A total of 188,788 EGDs with 33,411 esophageal biopsies were performed between 2010-2023. Of these, 231(0.69%) biopsy specimens revealed microscopic hyperkeratosis. Only 2 patients were identified with DEH. The 1st, a healthy 60-year-old female presented with cough and was found to have Grade D erosive esophagitis and 4 cm segment of thick, “piled up” whitish mucosa proximal to the esophagitis. Over the past 9 years, this finding has persisted on 3 EGDs despite healing of the esophagitis on PPI therapy. The second patient was a 66-year-old male with stable HIV disease on triple therapy who underwent an EGD in 2019 for evaluation of a positive PET scan done after removal of a squamous cell CA of the tongue. A 10 cm segment of DEH was noted. Since then, his CA progressed requiring chemoradiation to the larynx. He developed dysphagia requiring esophageal dilation and PPI therapy. Hyperkeratosis has persisted. Neither patient has developed any dysplasia or neoplasia.
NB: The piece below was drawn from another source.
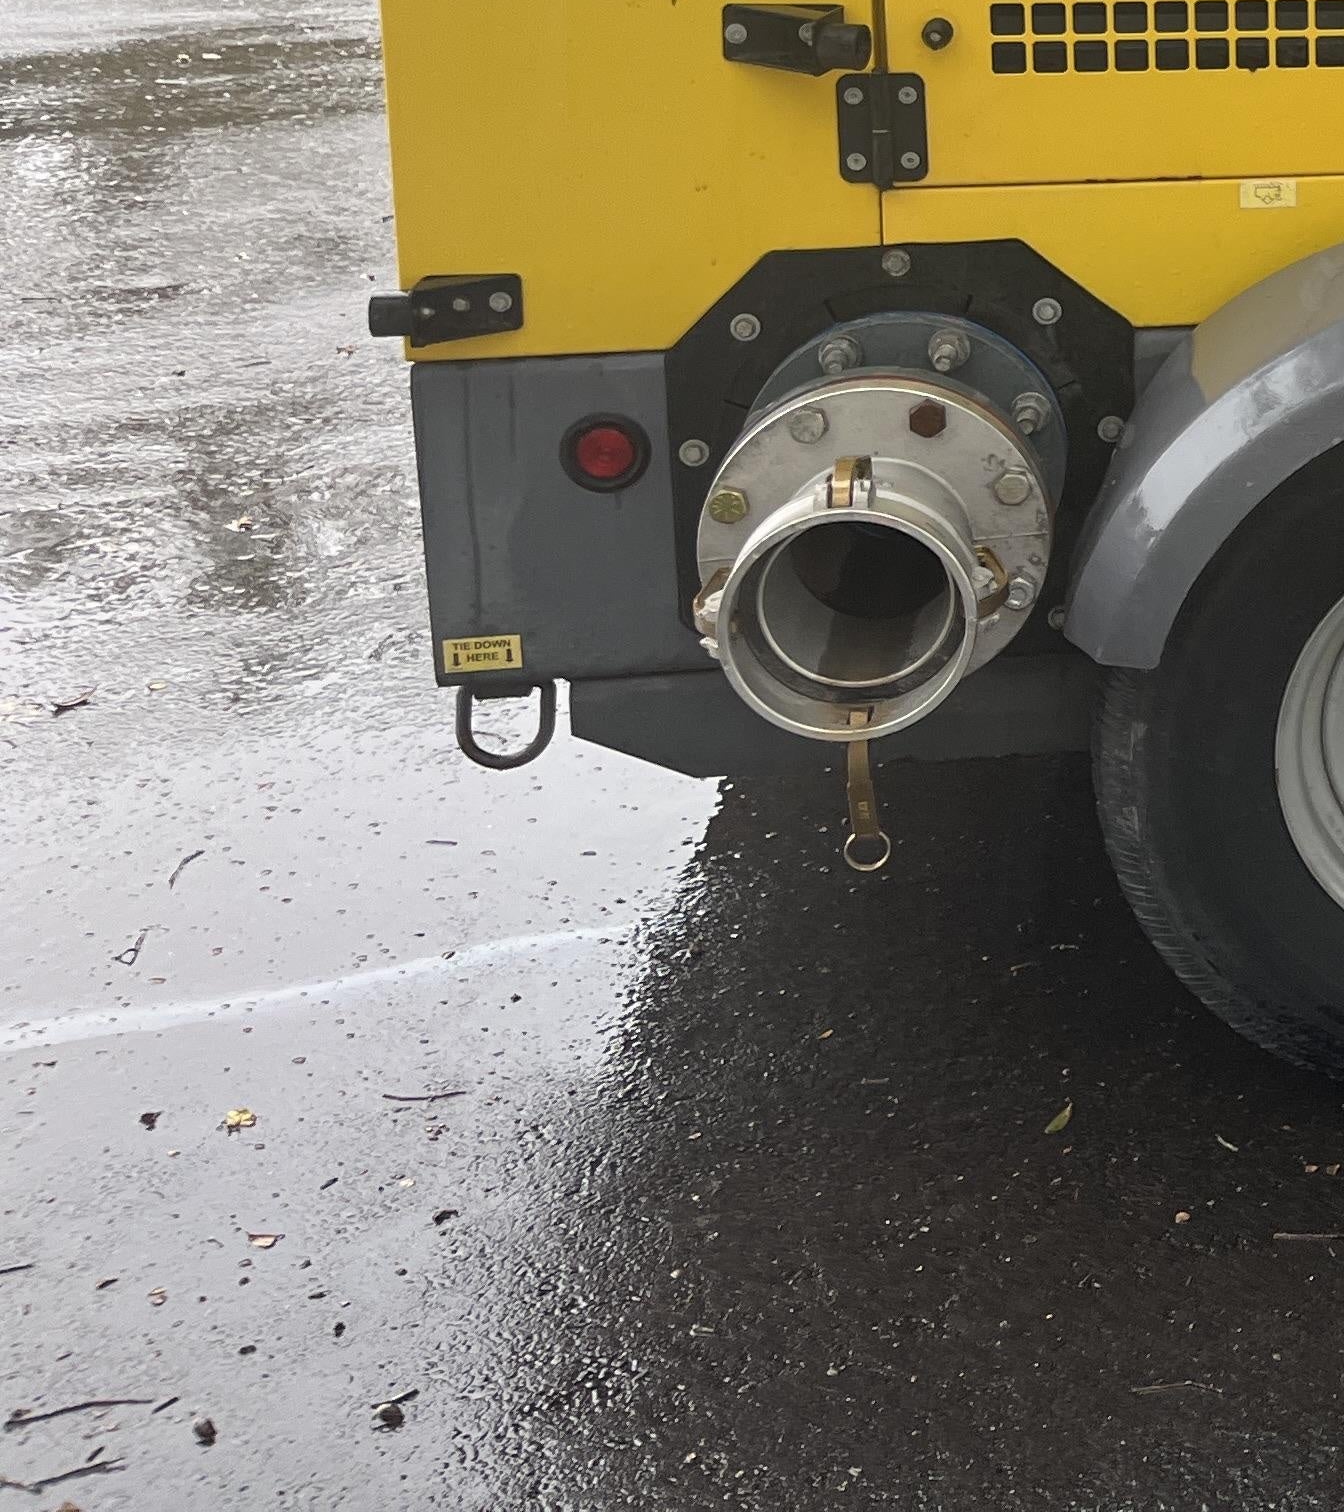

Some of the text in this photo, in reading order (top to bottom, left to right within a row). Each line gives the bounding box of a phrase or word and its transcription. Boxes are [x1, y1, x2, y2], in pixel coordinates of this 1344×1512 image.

Discussion: DEH is an impressive finding that is easily identified on endoscopy and histology. Distinction must be made between microscopic/focal hyperkeratosis and the rarer, endoscopically visible thickened, white mucosa of DEH. On histology, there is prominent thickening of the stratum corneum, without hyperplasia. The anuclear squamous cells without hyperplasia distinguish benign orthokeratotic hyperkeratosis from premalignant parakeratosis. The condition merits continued identification, reporting, differentiation from premalignant conditions with similar endoscopic appearance and study of possible etiological factors.